Proponents of rapamycin say it works by ramping up the body’s cellular waste-removal system through suppression of the activity of a gene called mTOR, which produces certain proteins that help control cell metabolism. Those working with the compound hope that, in addition to extending life, rapamycin can be used to fight specific diseases, namely cancer.

Genetic Engineering and Other Methods

While some researchers have been trying to extend healthy life using chemical compounds, others have been trying a different approach: genetic engineering. The idea is that since different animals have radically different life spans, there must be genes in all living creatures that regulate age. If these genes can be found and effectively manipulated, life can be dramatically extended.

In the early 1980s, scientists began looking for so-called “Methuselah genes” in roundworms by turning on or off one particular gene and then seeing how long the mutated worms lived. Roughly 1,000 mutations later, in 1988, a biomedical researcher at the University of California at Irvine named Thomas Johnson showed that turning off a particular gene he called age-1 more than doubled the affected worm’s life span.

Other researchers, notably Cynthia Kenyon of the University of California at San Francisco, have subsequently produced much longer-lived roundworms, with life spans up to six times greater than normal. A similar experiment with fruit flies, also at UC Irvine, yielded significant gains in life span as well. But whether such a longevity gene exists in humans – or even in higher-order animals, such as cats or monkeys – is still an open and hotly debated question.

Recently, scientists at the Albert Einstein College of Medicine in New York City have found a molecule that may provide another possible path to extending life.

In May 2013, the researchers announced that they had discovered a chemical called NF-κB in the brains of mice – specifically in the hypothalamus – that appears to trigger aging processes throughout the body. Suppressing the release of the chemical in middle-aged mice allowed them to live longer and with fewer age-related illnesses. If this phenomenon also occurs in people, the researchers said, it would better explain the causes of aging and could eventually lead to effective anti-aging treatments.16

SENS and Singularity

Drugs such as resveratrol and rapamycin and experiments with Methuselah genes have the allure of a magic bullet: take a pill or flip a genetic switch and live an extra 20, 30 or even 40 healthy years. Some in the anti-aging movement, however, believe real gains will not be made by regularly ingesting one compound but through a combination of medical therapies.

One advocate of this approach is Aubrey de Grey, a former Cambridge University researcher and the closest thing the anti-aging movement has to a spokesman.
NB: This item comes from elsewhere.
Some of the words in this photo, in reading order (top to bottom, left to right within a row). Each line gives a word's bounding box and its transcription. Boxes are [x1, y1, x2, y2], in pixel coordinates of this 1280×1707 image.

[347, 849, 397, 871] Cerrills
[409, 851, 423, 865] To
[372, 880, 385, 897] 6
De Grey, the chief science officer at an anti-aging think tank in Mountain View, Calif., the Strategies for Engineered Negligible Senescence17 (SENS) Research Foundation, believes aging will be conquered through a variety of “rejuvenation biotechnologies” that will repair and maintain the body indefinitely, much in the way a good mechanic can keep a vintage car running indefinitely. Under this scenario, various treatments, including stem cell and gene therapies, would be applied at the cellular level to halt the damage to the body caused by aging. “I’d say we have a 50/50 chance of bringing aging under what I’d call a decisive level of medical control within the next 25 years or so,” de Grey said in a 2011 interview.18

Some experts believe aging ultimately will be conquered by engineers and computer scientists rather than biomedical researchers. Ray Kurzweil, an American computer scientist and inventor whose work has led to the development of everything from checkout scanners at supermarkets to text-reading machines for the blind, says that what might seem outlandish today eventually will become possible because technological change is exponential rather than linear, meaning that technology is becoming more capable and more powerful at an ever-faster rate. “The reason information technology grows exponentially is that we use the latest technology to create the next,” he said in “Transcendent Man,” a 2009 documentary film about his life and ideas. “So each new generation of technology grows exponentially in capability and the speed of that process accelerates over time.”
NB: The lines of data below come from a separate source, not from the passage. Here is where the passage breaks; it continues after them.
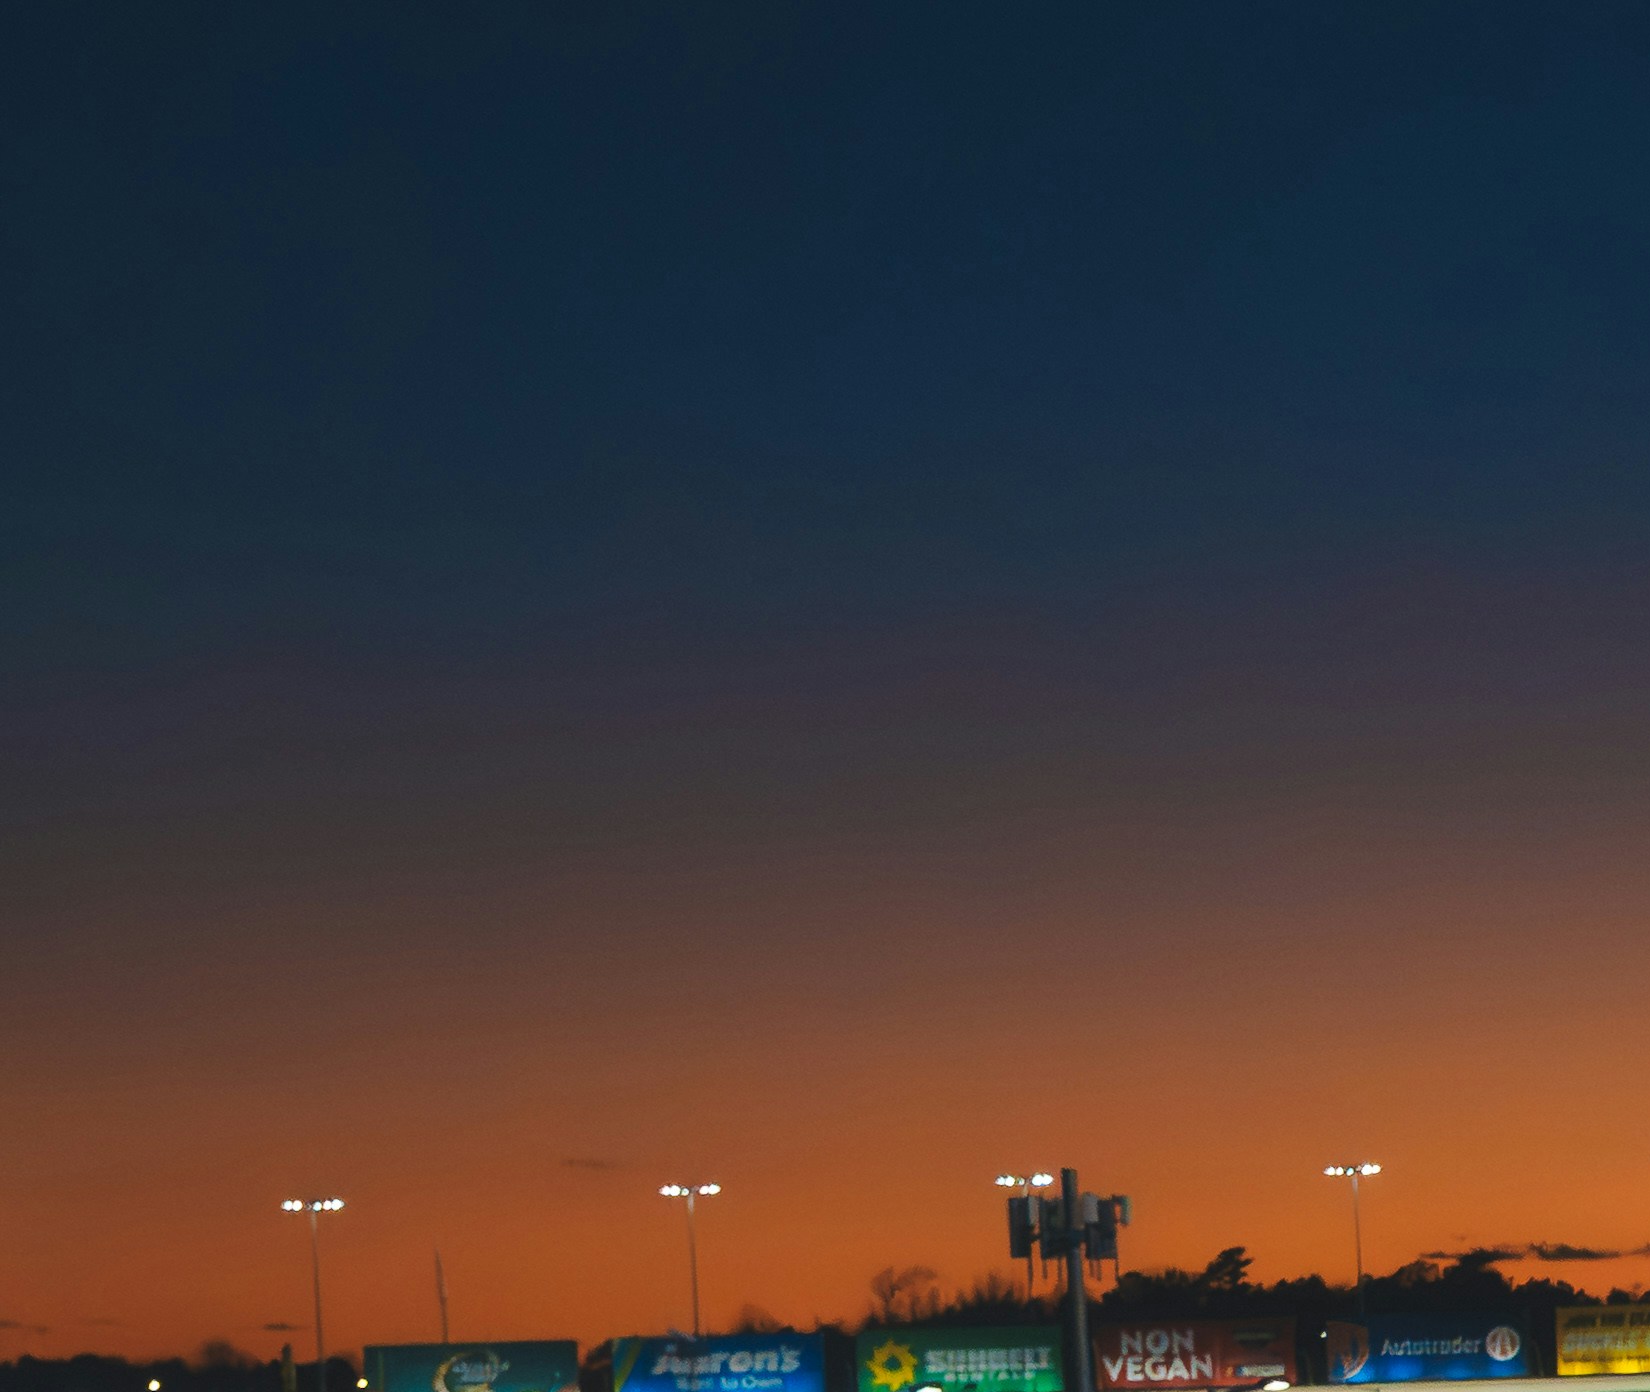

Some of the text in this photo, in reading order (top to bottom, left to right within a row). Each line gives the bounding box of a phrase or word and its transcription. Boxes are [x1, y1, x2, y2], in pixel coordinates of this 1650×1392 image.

[1120, 1330, 1195, 1355] NON
[1381, 1337, 1483, 1357] Autotrader
[651, 1345, 801, 1376] Aaron's
[1102, 1354, 1213, 1382] VEGAN
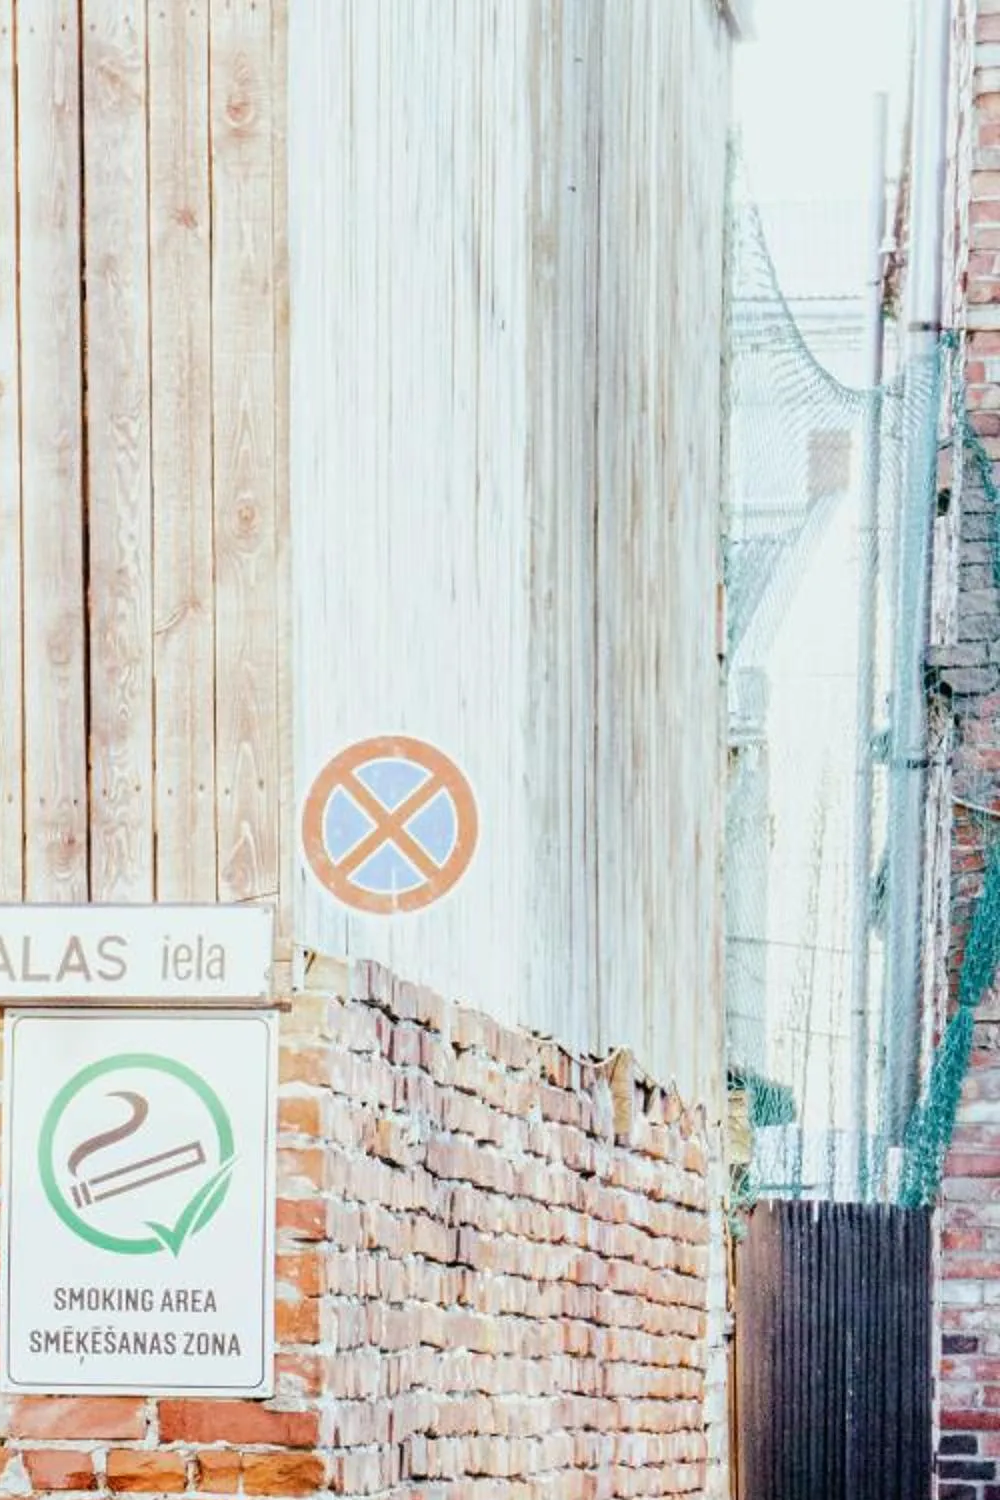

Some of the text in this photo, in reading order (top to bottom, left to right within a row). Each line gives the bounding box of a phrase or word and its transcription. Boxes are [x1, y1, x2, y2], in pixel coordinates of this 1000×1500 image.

According to Kurzweil, who is now the director of engineering for Google, this accelerating pace of technical change is already producing computers and other machines that give biomedical researchers much greater capabilities. For instance, “it took us 15 years to sequence HIV; we sequenced SARS in 31 days,” he said during a 2005 interview, referring to efforts to sequence the genomes of HIV in the 1980s and ’90s and of SARS (Severe Acute Respiratory Syndrome) in 2003.19

Using technology to improve traditional medical research is just the beginning, Kurzweil predicts. Soon, technology will give mankind the ability to place powerful machines in the human body to replace or improve existing biological systems. Machines, from pacemakers to cochlear implants, already play a huge role in medicine, and one does not need to be a science fiction writer or a professional futurist to see that the role of technology will continue to grow. Kurzweil and other scientists say that greater computing power combined with extreme miniaturization (nanotechnology) will allow scientists to put microscopic machines in the body – at first to protect and maintain people’s organs and ultimately to effectively replace them. In essence, Kurzweil says, scientists will “reverse engineer” bodily systems so they can be replaced with much more reliable machines.
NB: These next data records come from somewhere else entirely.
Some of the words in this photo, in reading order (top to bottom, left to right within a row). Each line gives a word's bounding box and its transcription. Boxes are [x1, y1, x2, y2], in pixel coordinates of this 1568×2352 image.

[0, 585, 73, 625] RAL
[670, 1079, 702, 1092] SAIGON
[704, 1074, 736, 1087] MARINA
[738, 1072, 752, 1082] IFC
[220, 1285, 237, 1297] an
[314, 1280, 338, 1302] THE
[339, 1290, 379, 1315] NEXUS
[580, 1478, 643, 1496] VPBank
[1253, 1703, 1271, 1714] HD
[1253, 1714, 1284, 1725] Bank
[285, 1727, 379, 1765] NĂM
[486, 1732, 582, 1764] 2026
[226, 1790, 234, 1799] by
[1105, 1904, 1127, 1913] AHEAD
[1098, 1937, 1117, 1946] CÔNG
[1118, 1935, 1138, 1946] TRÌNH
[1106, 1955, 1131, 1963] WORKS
But Kurzweil does not stop at this “bionic man” scenario. Eventually, he claims, human beings will achieve immortality by fully merging with machines. Kurzweil predicts scientists will one day find a way to “reverse engineer” the brain and download human consciousness into it. Blood, bone, skin and organs (what Kurzweil and others call “wetware”) will no longer be necessary.20 “Our ability to reverse engineer the brain – to see inside, model it, and simulate its regions – is growing exponentially,” Kurzweil writes in his 2005 book, “The Singularity is Near: When Humans Transcend Biology.”21 Once this reverse engineering is complete, Kurzweil says, not only will human beings be able to live potentially forever, but we “ultimately will be able to vastly expand our intelligence.”22

Many Questions, Many Answers

Even if scientists find ways to extend life only for decades rather than centuries, such a development would raise a variety of questions. Some of them fall into the realm of public policy: What would extra decades of life mean for the solvency of programs such as Social Security and Medicare? Would dramatically longer life spans make it substantially harder to promote environmental sustainability? Would having many more healthy older people lead to dramatic increases in unemployment among the young?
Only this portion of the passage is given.